Last week’s local government election saw Sinn Fein overtake the DUP to become the largest party on the councils, after it became the largest party at Stormont last year.

But the DUP is holding firm on not returning to Stormont until its concerns around the Northern Ireland Protocol are addressed.

The DUP maintains its vote in the poll, which Sir Jeffrey described as a mandate for his stance.

Speaking at the launch of the Trade NI report at Westminster on Tuesday, Mr Heaton-Harris said he wanted to see Stormont back “as soon as possible”.

Asked whether he had received any request from the DUP in terms of money around the resumption of Stormont, he said: “I’m yet to receive any ask from the DUP, but we’ve got talks ongoing this week and they’ll continue, we will get somewhere at some point.”

Asked whether there would be money available for a restored Stormont, Mr Heaton-Harris said it was imperative to get the Executive up and running first.

I think we’ve seen that people want their politicians to get into Stormont and start making political choices about how money is spent in Northern Ireland, and that’s what we need to see

Secretary of State for Northern Ireland Chris Heaton-Harris

“I think we want to get the Executive up and running before we go anywhere near any other questions, because there is a desperate need to get the Executive up and running,” he said.
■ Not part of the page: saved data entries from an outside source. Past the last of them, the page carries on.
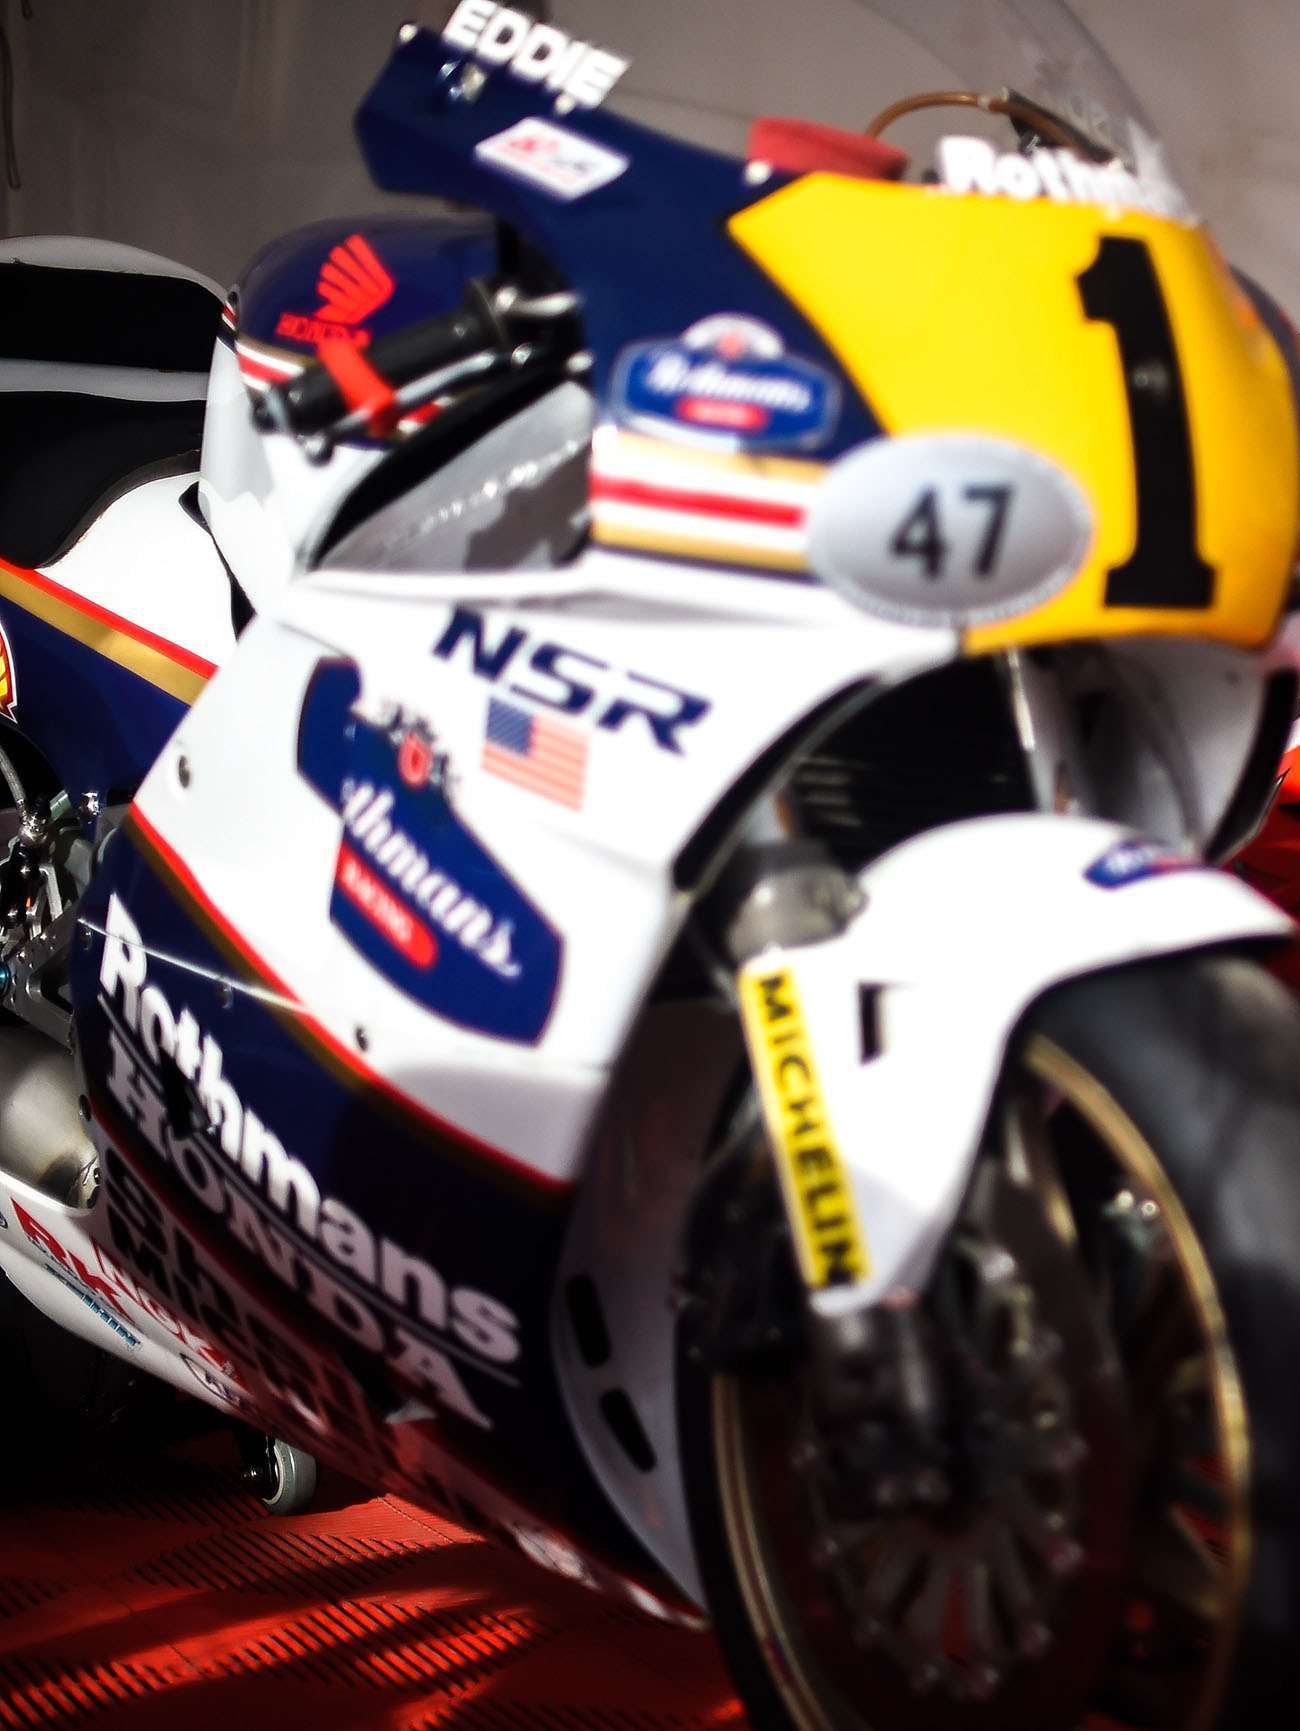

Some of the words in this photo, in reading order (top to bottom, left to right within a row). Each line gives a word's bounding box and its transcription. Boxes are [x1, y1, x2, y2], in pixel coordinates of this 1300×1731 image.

[441, 0, 630, 108] EDDIE
[1073, 235, 1218, 609] 1
[886, 483, 1016, 582] 47
[432, 604, 713, 755] NSR
[341, 778, 523, 980] thmans
[97, 890, 522, 1365] Rothmans
[757, 974, 860, 1288] MICHELIN
[10, 1196, 137, 1328] RK
[106, 1030, 494, 1430] HONDA
“I’ve asked a lot of the Northern Ireland Civil Service, who are delivering public services in a certain way at this point in time.

“I think we’ve seen that people want their politicians to get into Stormont and start making political choices about how money is spent in Northern Ireland, and that’s what we need to see.”
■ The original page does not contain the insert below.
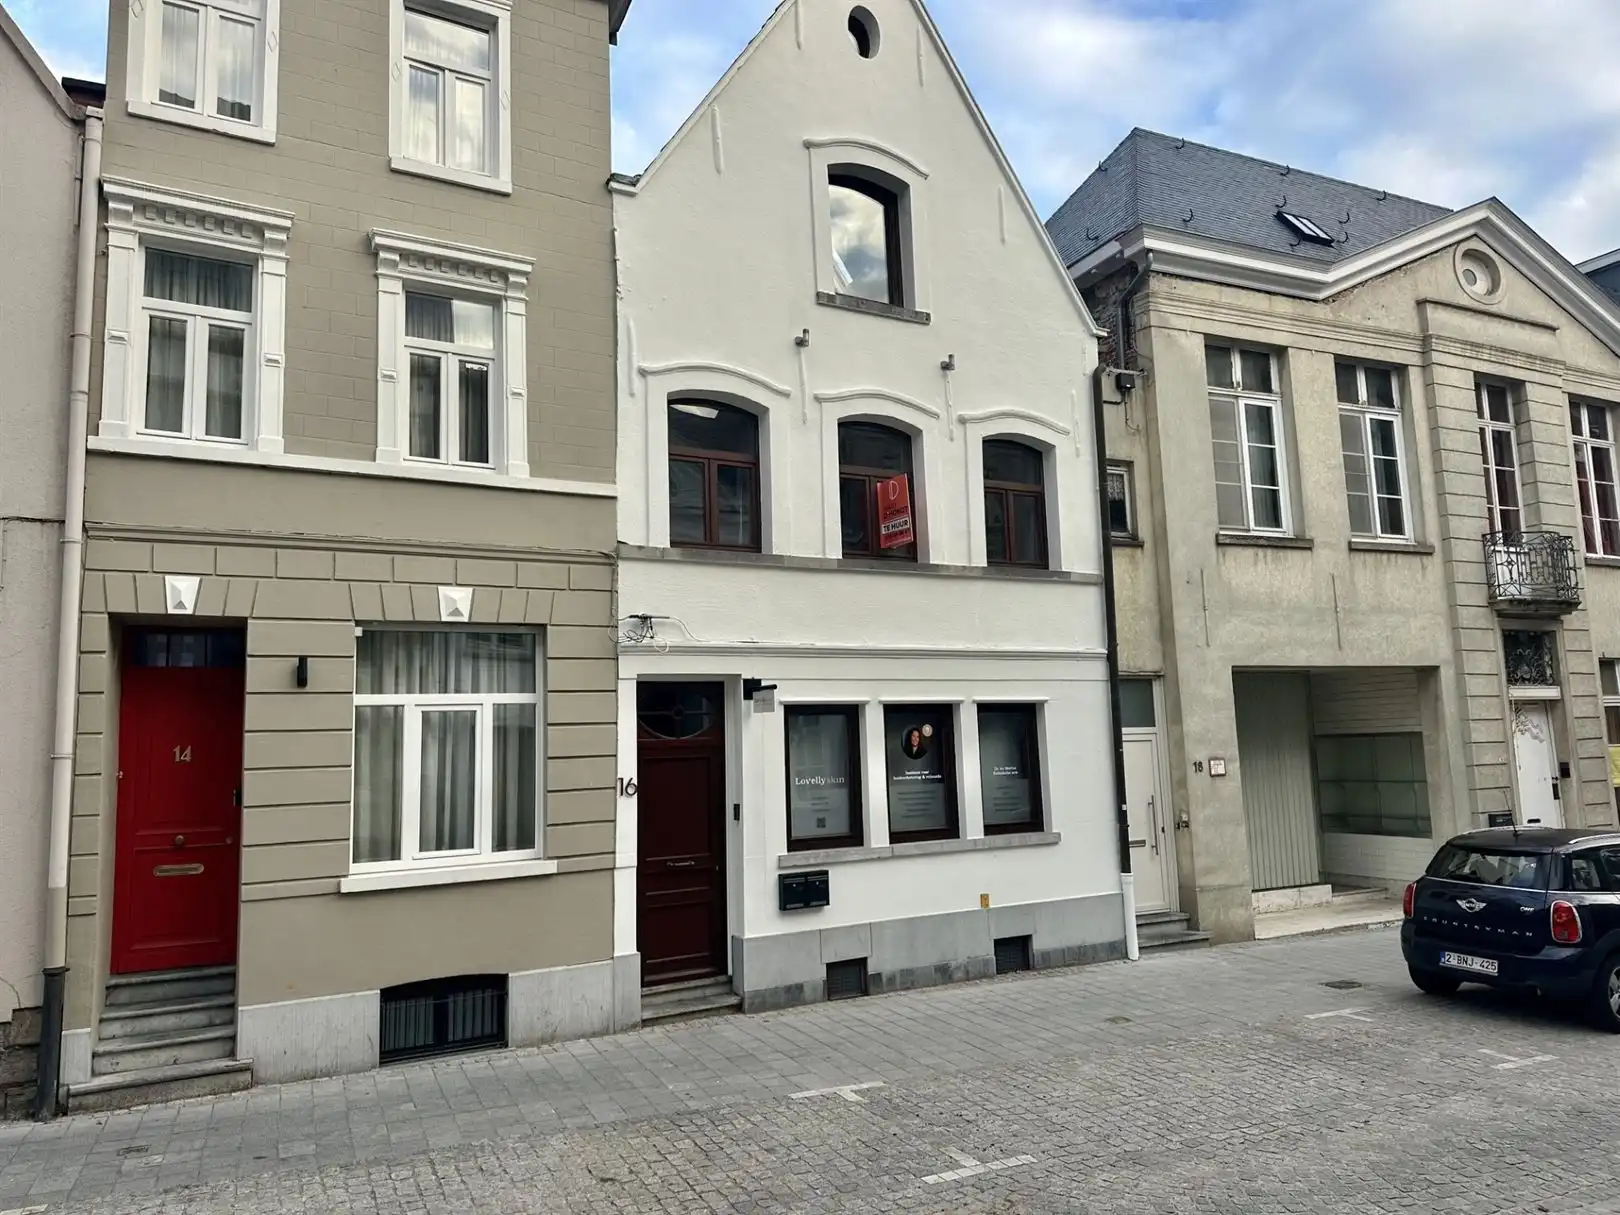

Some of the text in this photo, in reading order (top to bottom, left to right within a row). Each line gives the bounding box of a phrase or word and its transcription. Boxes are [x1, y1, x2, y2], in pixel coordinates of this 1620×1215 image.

[891, 519, 908, 530] HUUR
[173, 745, 191, 762] 14
[617, 777, 638, 797] 16
He replied simply “yeah”, when asked whether there was any meaningful engagement ongoing with the DUP.

“I don’t do timelines, and I’m afraid the one thing I have learned is that conversations are best done in a confidential manner … and I’m looking forward to continuing those conversations,” he said.

Speaking at the same event, Alliance deputy leader Stephen Farry said he believes the Windsor Framework is a “done deal” and a “good deal for Northern Ireland”.

He said if the DUP need some further reassurance, it has to be ensured that does not cause any difficulty elsewhere, and does not unpick agreements.

“Of course there is no excuse for the DUP to be outside the Executive and we need to see things restored instantly given the scale of crisis facing Northern Ireland,” he said.

SDLP leader Colum Eastwood rejected Sir Jeffrey’s claim his party were given a mandate for their stance.

“I think it’s utter nonsense, what the people said very loudly last they sent a signal to the DUP to get back into government because they’re fed up with the fact with a quarter of our people are on a hospital waiting list, our economy’s not being maximised, the opportunities aren’t being taken up because we don’t even have a government, and now we’re seeing huge cuts to the most vulnerable because the DUP won’t go back into government,” he said.

“This is not sustainable any longer, I don’t know what else they think they’re going to get.”

Meanwhile, Mr Heaton-Harris said he had congratulated Sinn Fein on becoming the largest party in Northern Ireland at local government.

“It’s a function of democracy, I congratulated them on a good result. I don’t think it particularly changes the nature of how I engage with them,” he said.

He declined to comment on his view as a member of the Conservative and Unionist party on that development.

“That’s a general question for unionism actually, I’m a great believer that unionism is stronger when it is positive and we need to be very positive about what the union can bring to everybody, all communities in Northern Ireland,” he said.

“I’m an English unionist, so I would struggle to define what it means for Northern Ireland unionism, but I just know the union is better and stronger when we are positive.”